Items from a dataset

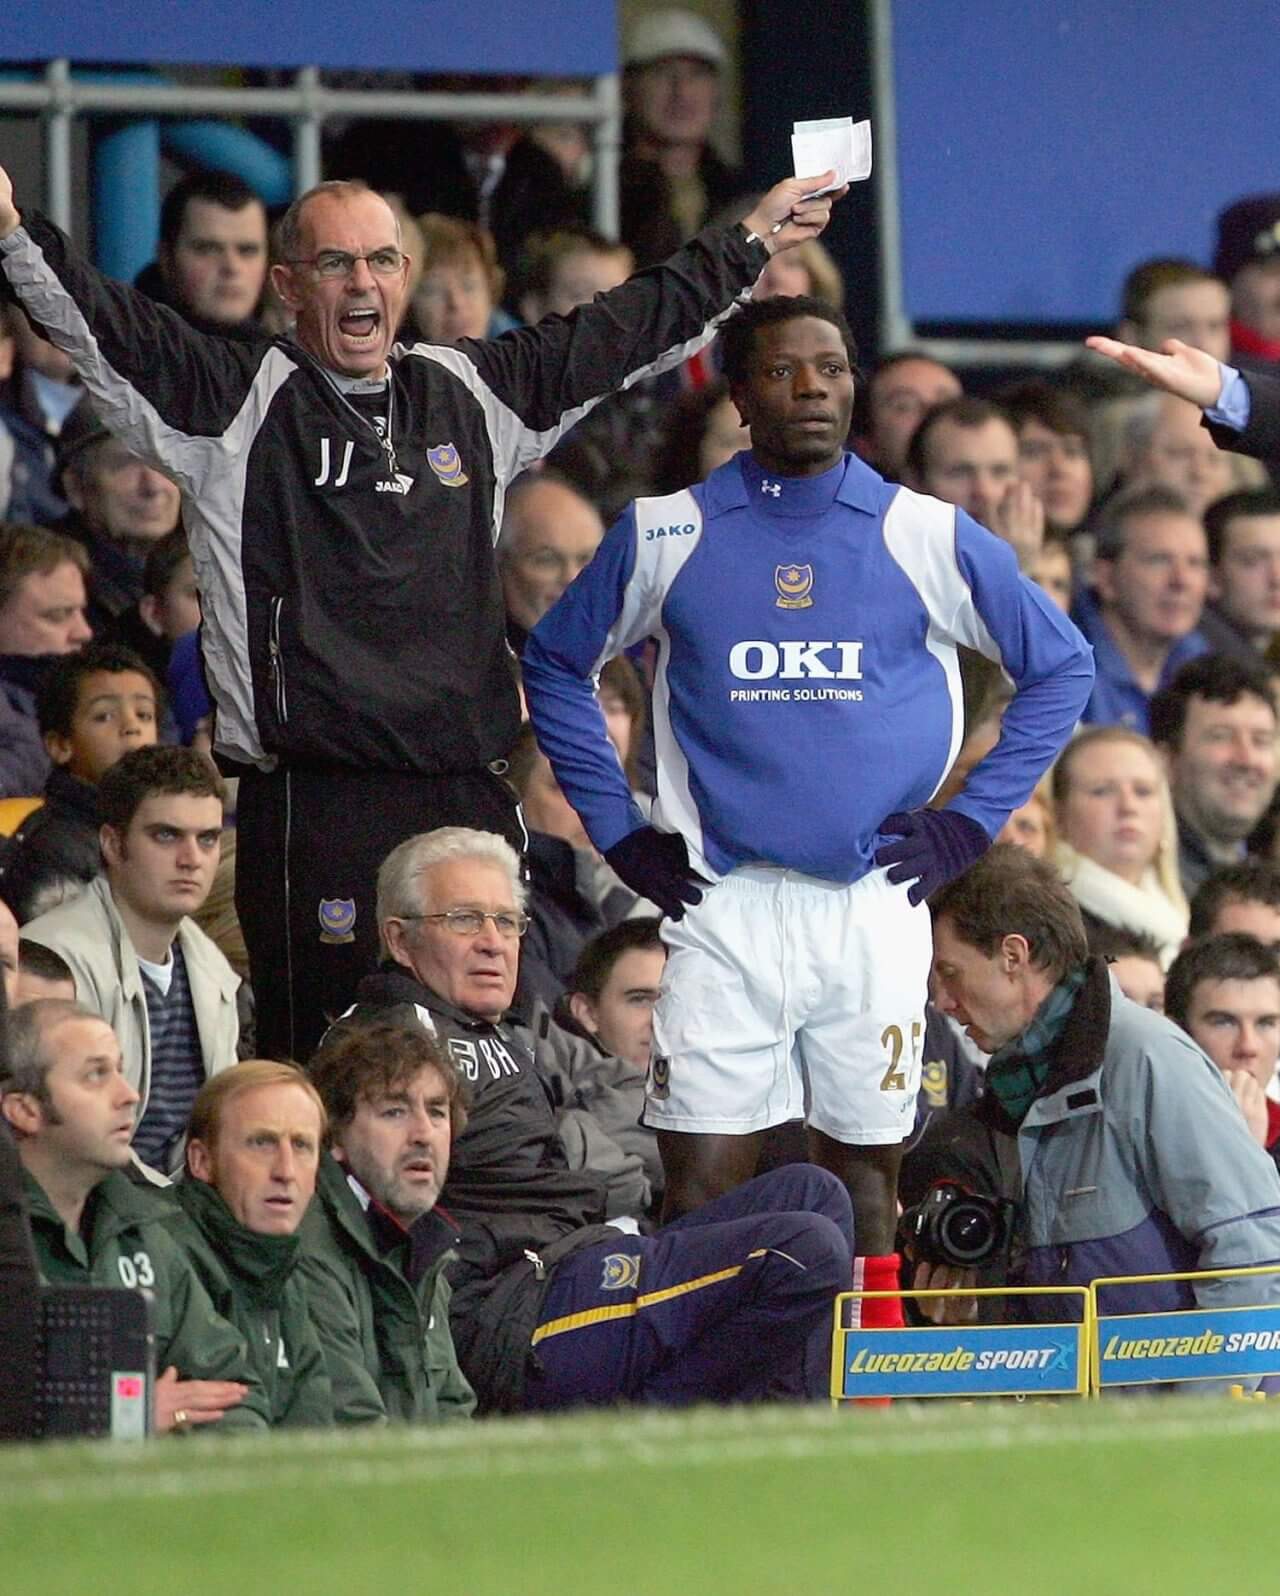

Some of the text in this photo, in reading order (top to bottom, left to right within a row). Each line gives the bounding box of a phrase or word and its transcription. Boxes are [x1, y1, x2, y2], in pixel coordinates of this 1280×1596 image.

[315, 437, 354, 487] JJ
[645, 523, 696, 541] JAKO
[729, 640, 864, 680] OKI
[730, 688, 863, 701] PRINTING SOLUTIONS
[479, 1038, 520, 1080] BH
[117, 1251, 155, 1289] 03
[849, 1346, 1056, 1374] Lucozade SPORT
[1103, 1328, 1225, 1361] Lucozade

Task item: Give the records again exactly, without pictures.

Expected answer:
Some of the text in this photo, in reading order (top to bottom, left to right within a row). Each line gives the bounding box of a phrase or word and its transcription. Boxes are [x1, y1, x2, y2], in pixel coordinates of this 1280×1596 image.

[315, 437, 354, 487] JJ
[645, 523, 696, 541] JAKO
[729, 640, 864, 680] OKI
[730, 688, 863, 701] PRINTING SOLUTIONS
[479, 1038, 520, 1080] BH
[117, 1251, 155, 1289] 03
[849, 1346, 1056, 1374] Lucozade SPORT
[1103, 1328, 1225, 1361] Lucozade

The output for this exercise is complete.